Garées tout en bas du village, elles dévalèrent la pente, le mutisme régnant. Toutefois, la vampire sentit. Et elle fut immédiatement aux aguets. L'odeur furibonde des cabots s'élevait dans les airs, et un pressentiment la saisit. Ce n'était pas une coïncidence, voilà ce qu'elle pensait. Si des loup-garous se trouvaient au même village qu'elles, ils devaient forcément l'avoir repérée. La noiraude pivota brusquement, faisant sursauter ses amies qui la scrutèrent d'yeux déconcertés.
- J'exige que vous restiez derrière moi et que vous ne parliez sous aucun prétexte. Ne bougez surtout pas et ne vous mêlez pas de la situation. N'ayez pas peur, aussi ! Ils ne vous toucheront pas, je vous le promets.

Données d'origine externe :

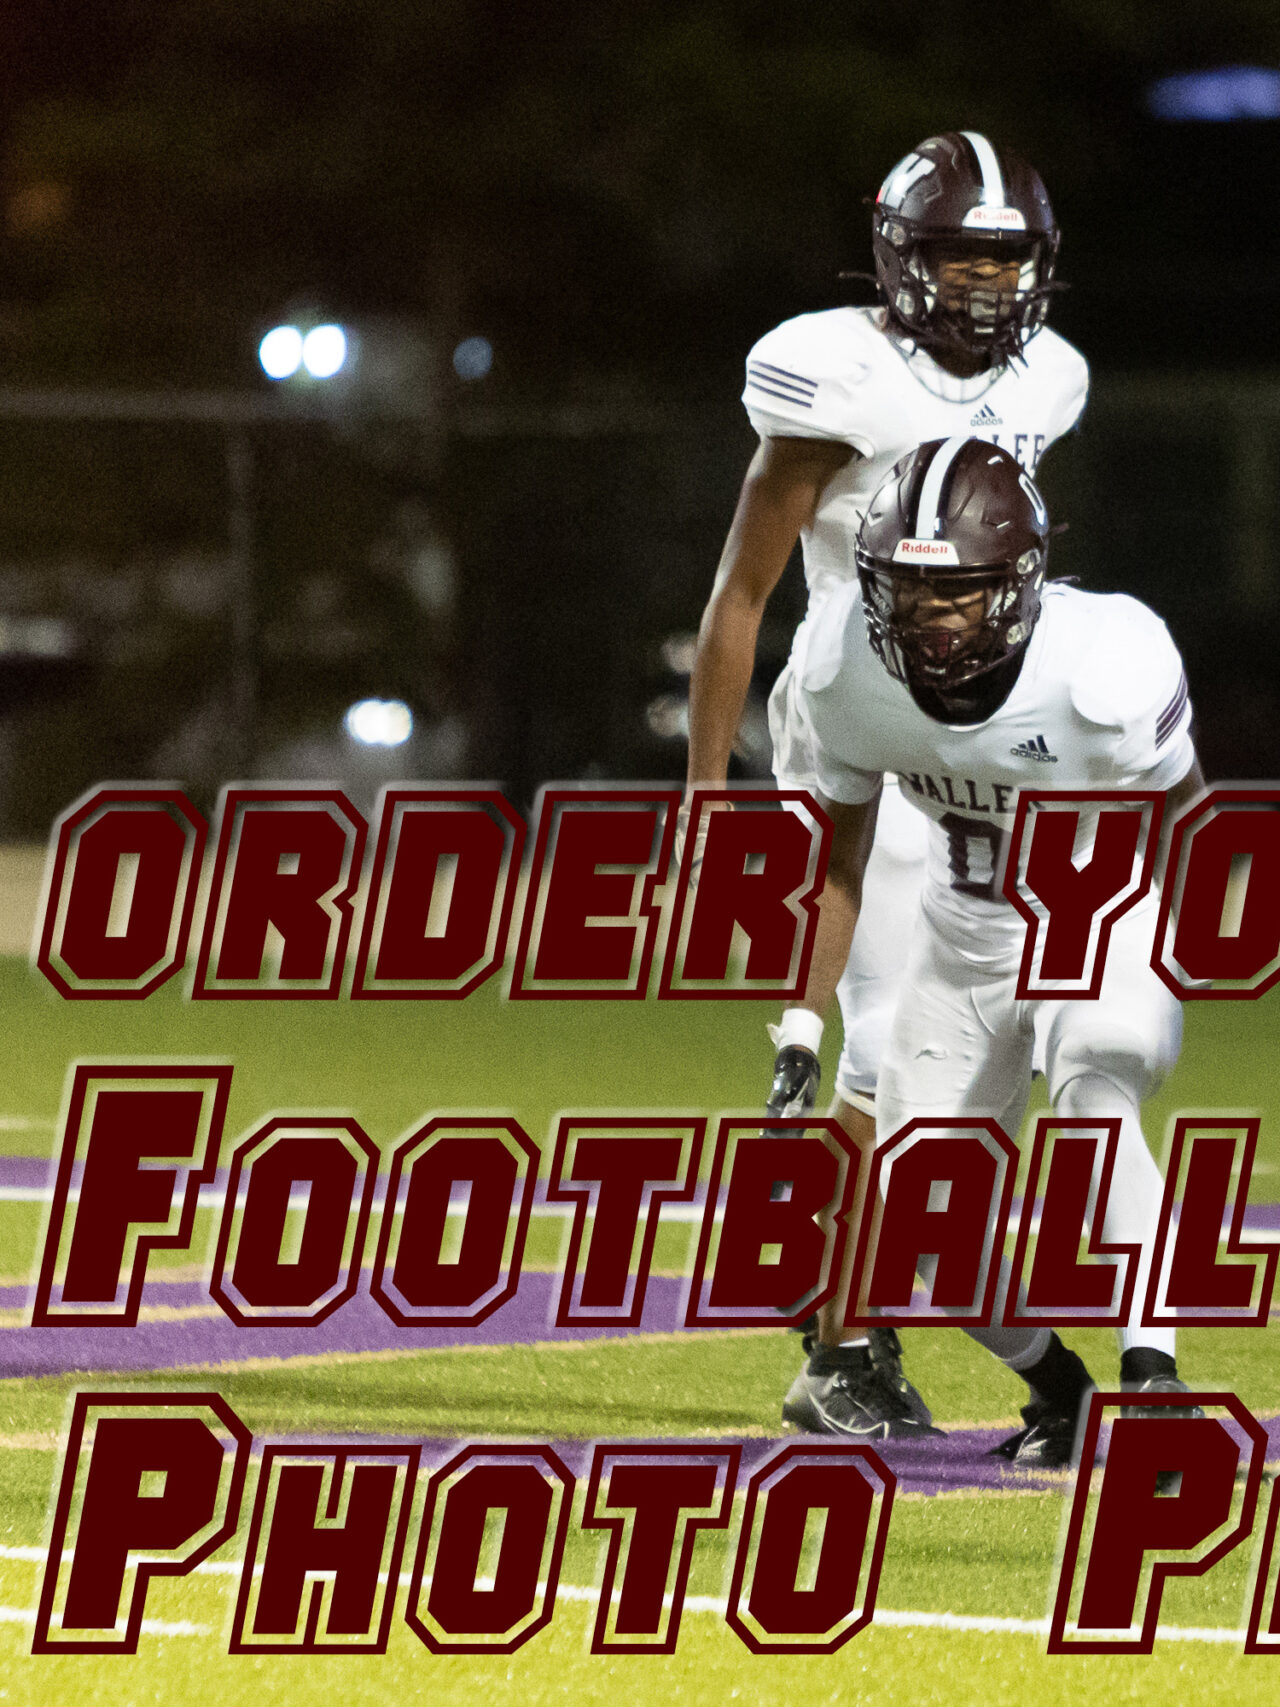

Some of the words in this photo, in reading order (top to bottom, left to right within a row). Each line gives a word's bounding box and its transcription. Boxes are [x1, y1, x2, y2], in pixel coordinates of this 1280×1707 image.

[973, 211, 1018, 221] Riell
[901, 542, 948, 554] Riddell
[1010, 747, 1058, 763] adidas
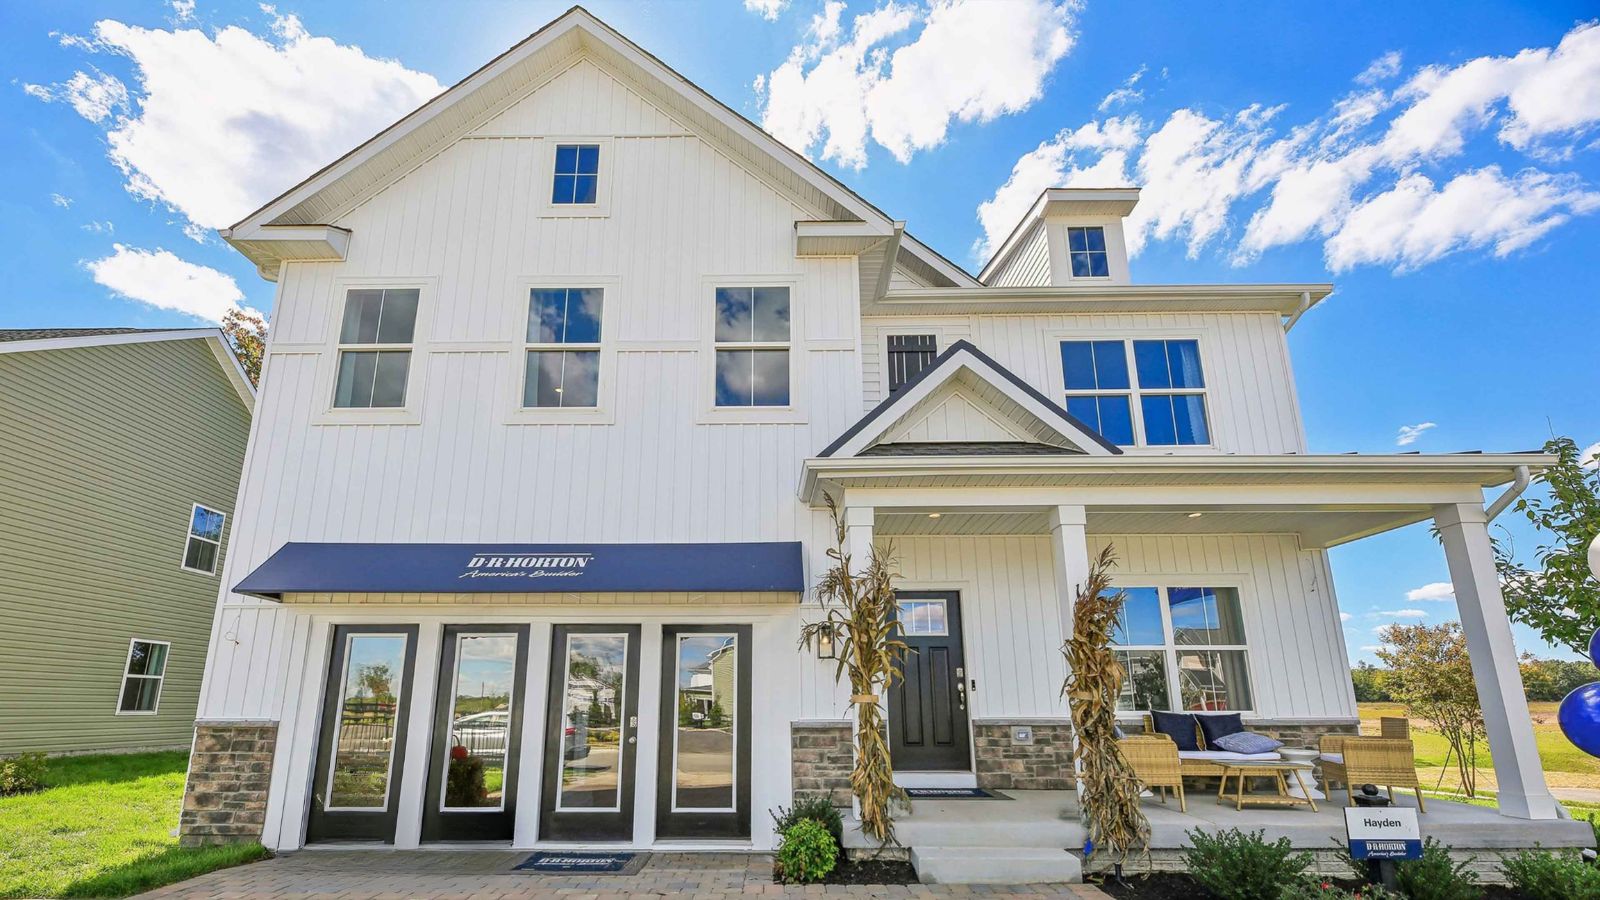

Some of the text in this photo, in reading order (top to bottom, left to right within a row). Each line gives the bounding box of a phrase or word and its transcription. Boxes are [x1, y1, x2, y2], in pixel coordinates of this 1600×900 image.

[458, 569, 584, 579] America's Builder
[1364, 818, 1402, 829] Hayden
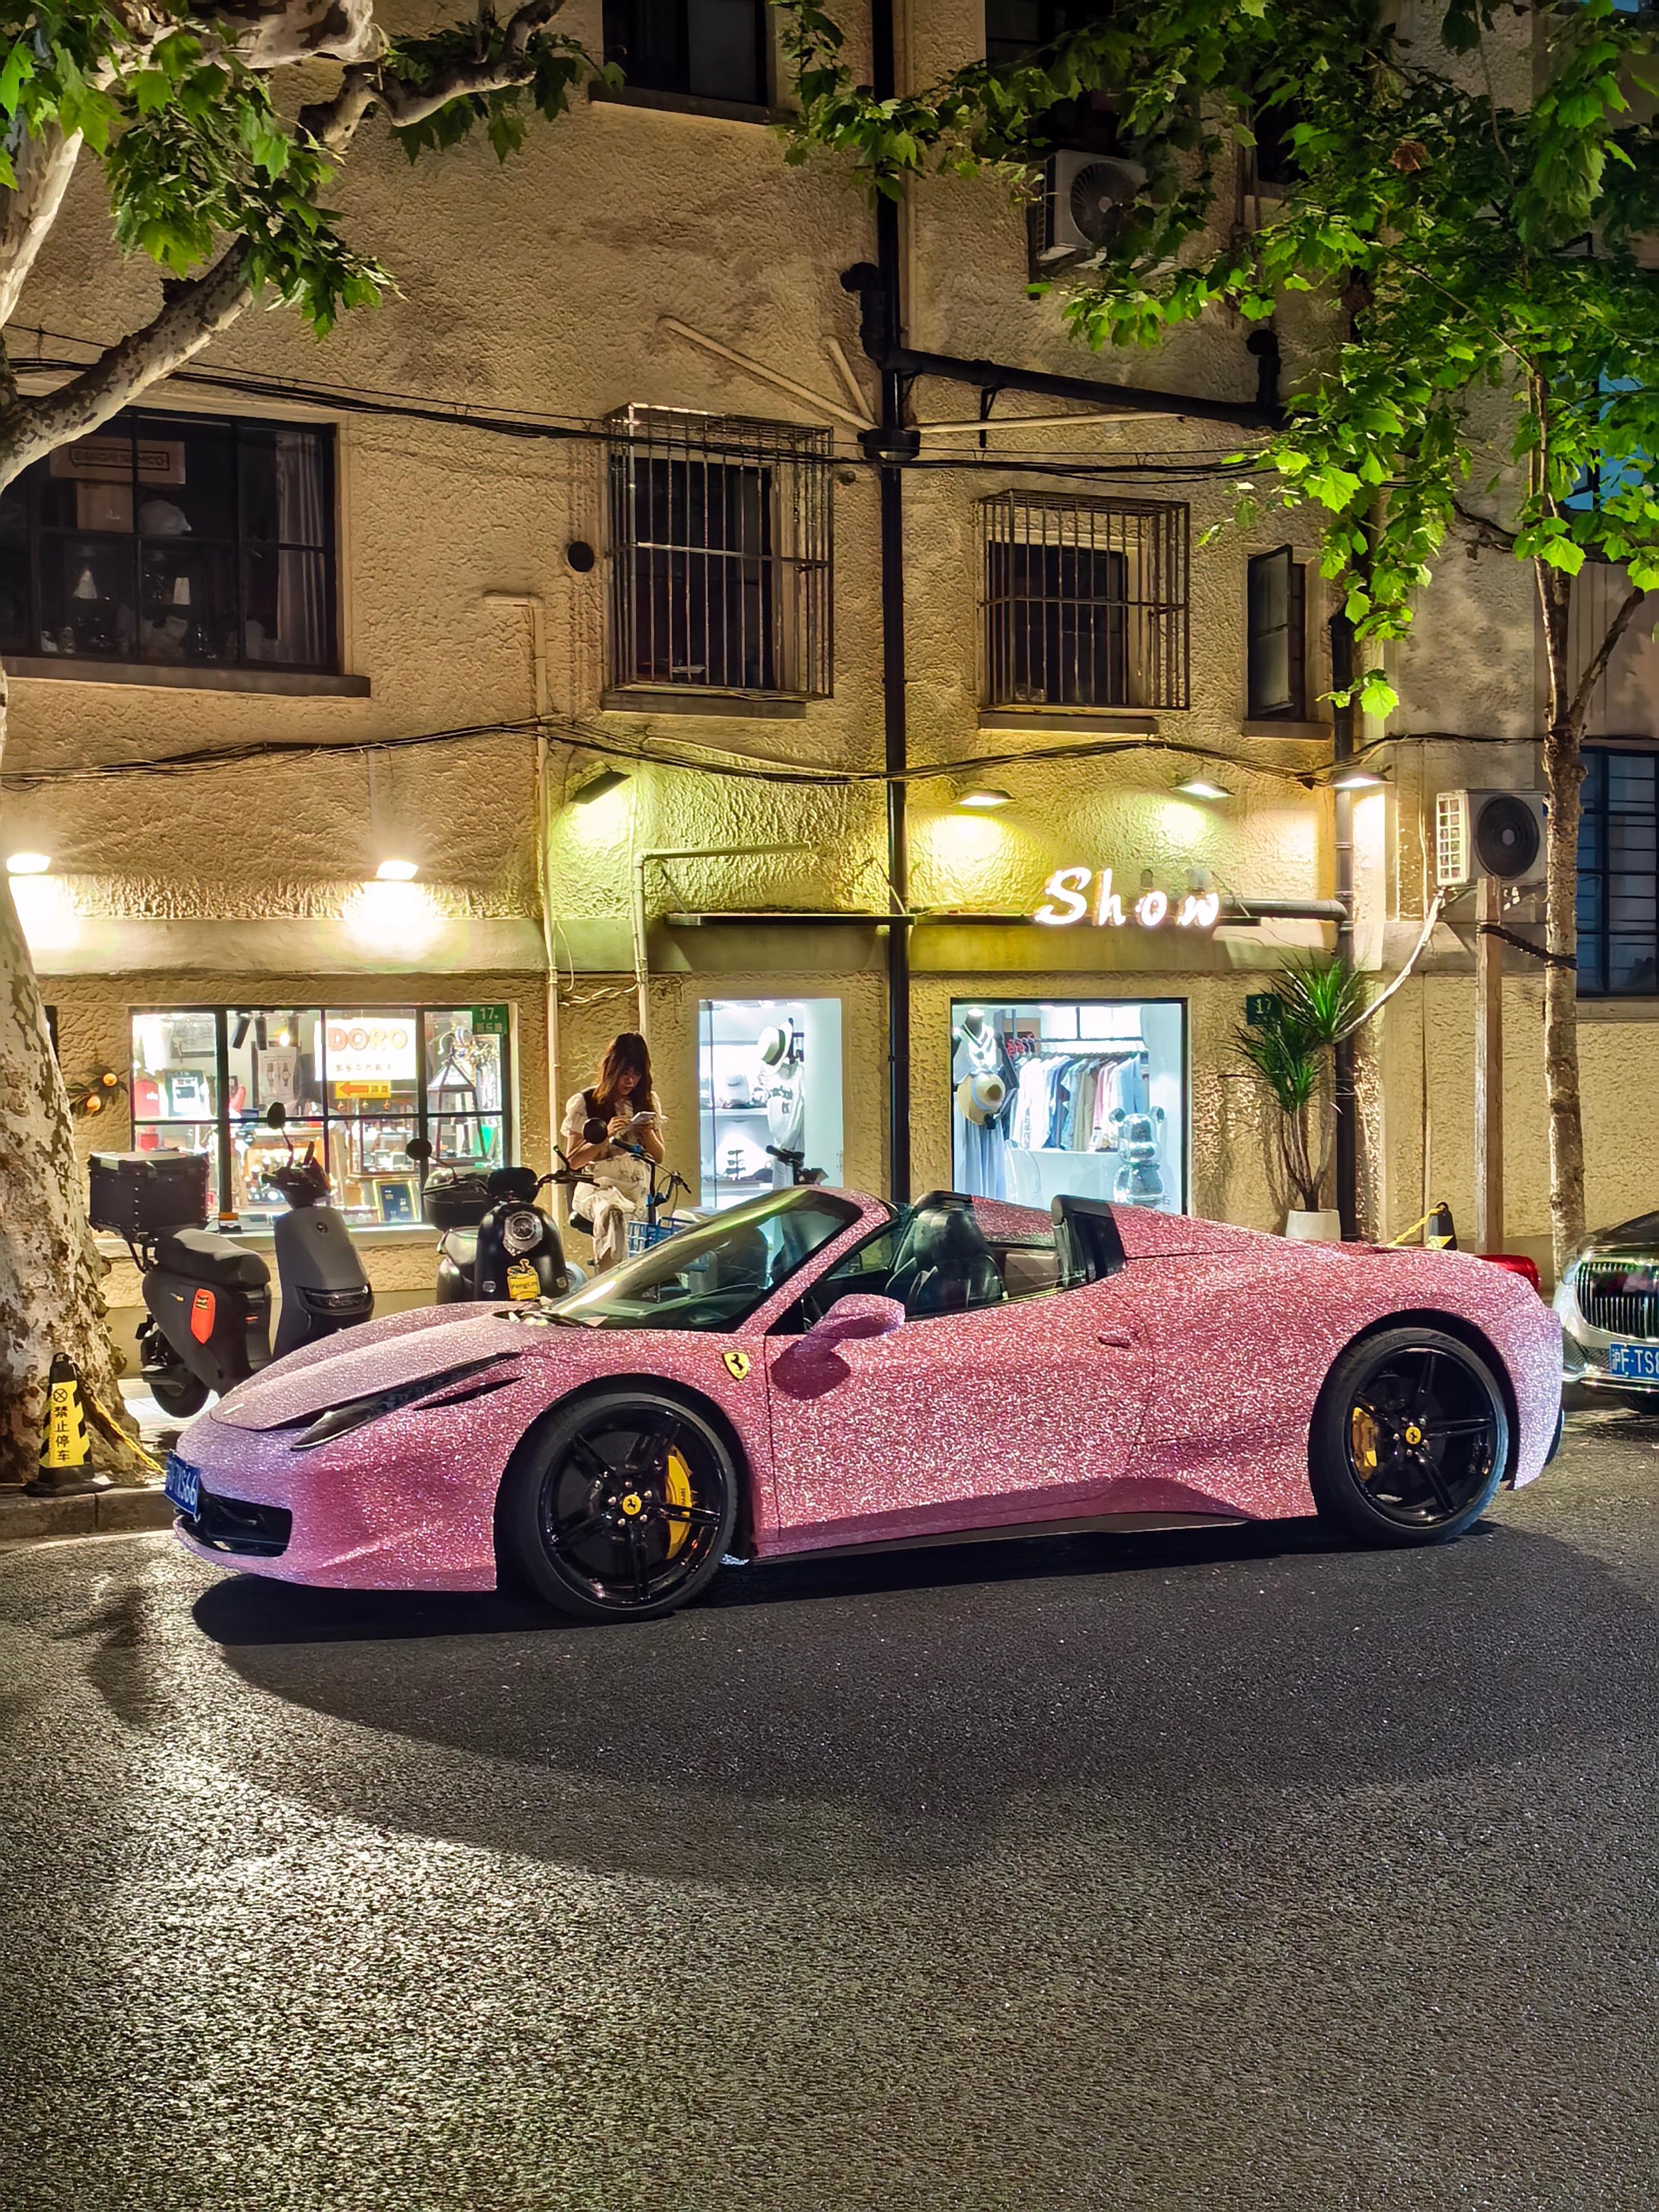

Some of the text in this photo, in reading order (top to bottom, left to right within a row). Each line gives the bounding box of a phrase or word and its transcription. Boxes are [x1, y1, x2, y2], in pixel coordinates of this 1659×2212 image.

[1034, 867, 1219, 926] Show
[1256, 998, 1271, 1014] 17
[327, 1027, 408, 1051] DORO
[53, 1405, 71, 1462] 禁止停车
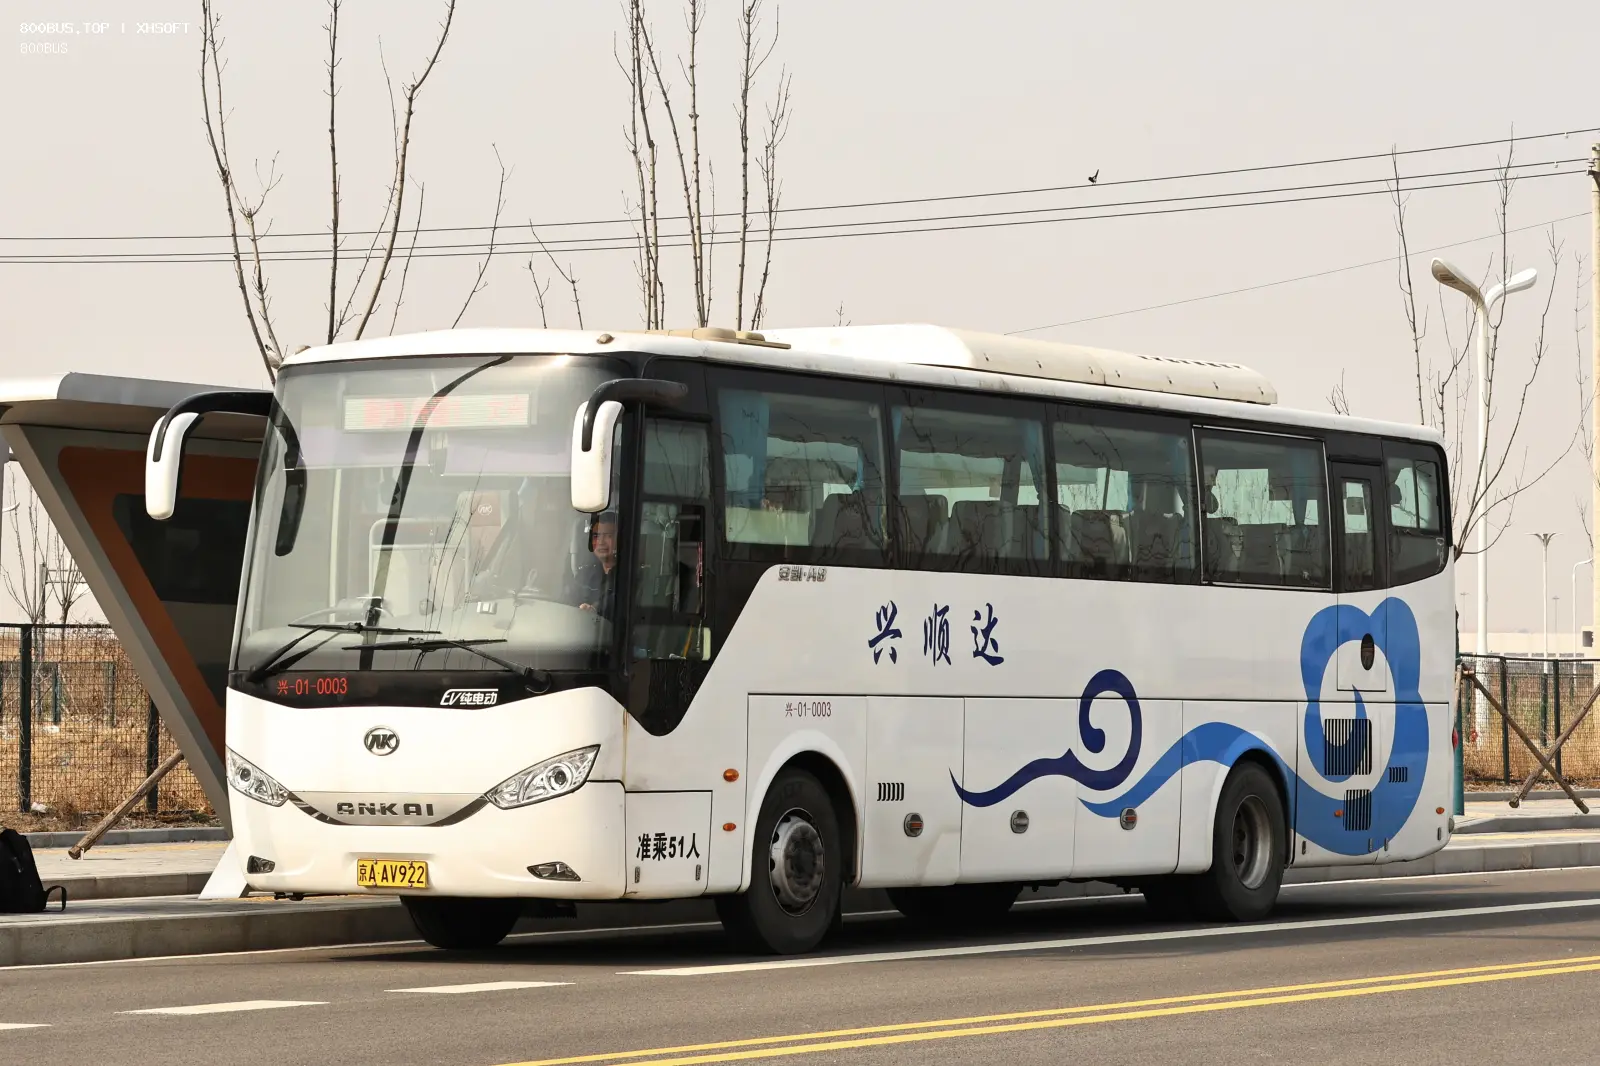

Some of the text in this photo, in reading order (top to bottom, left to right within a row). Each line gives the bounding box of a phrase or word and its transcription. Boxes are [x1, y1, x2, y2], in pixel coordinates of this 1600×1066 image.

Complètement désemparées, elles ne discernaient pas le bon message de ces paroles et demeurèrent immobiles sous la surprise. Toutefois, l'objet des avertissements apparut. Six loups - des animaux, pour les filles ; des créatures surnaturelles qui l'avaient retrouvée pour Irène - sortirent des hautes herbes. Ils grognaient contre la vampire, l'encerclant. Celle-ci voulut sur le champ les attaquer et s'en débarrasser, mais des mortelles observaient derrière. Un homme, cabot qui ne s'était pas transformé, suivit sa meute et fit face aux adolescentes.
- Elles ne seront pas blessées, assura-t-il. Vous non plus, par ailleurs. Nous ne vous souhaitons aucun mal, au contraire. Veuillez vous laisser conduire jusqu'à notre...
- Tanière ? coupa-t-elle, peu amène à écouter ces minauderies.
- Nous le qualifions de domaine, ou quartier-général. Mais, si cela correspond mieux à votre vision des loup-garous, dites tanière.
Cette remarque narquoise irrita Irène, qui soupira bien lourdement. Il venait de dévoiler son identité, son espèce, en face d'humaines, et elles ne devaient rien comprendre. La vampire n'osa pas se retourner pour les rassurer, au risque de rencontrer leurs regards curieux, effrayés, ou désorientés. En revanche, elle prit la peine de donner une réponse explicite au cabot. Un doit d'honneur.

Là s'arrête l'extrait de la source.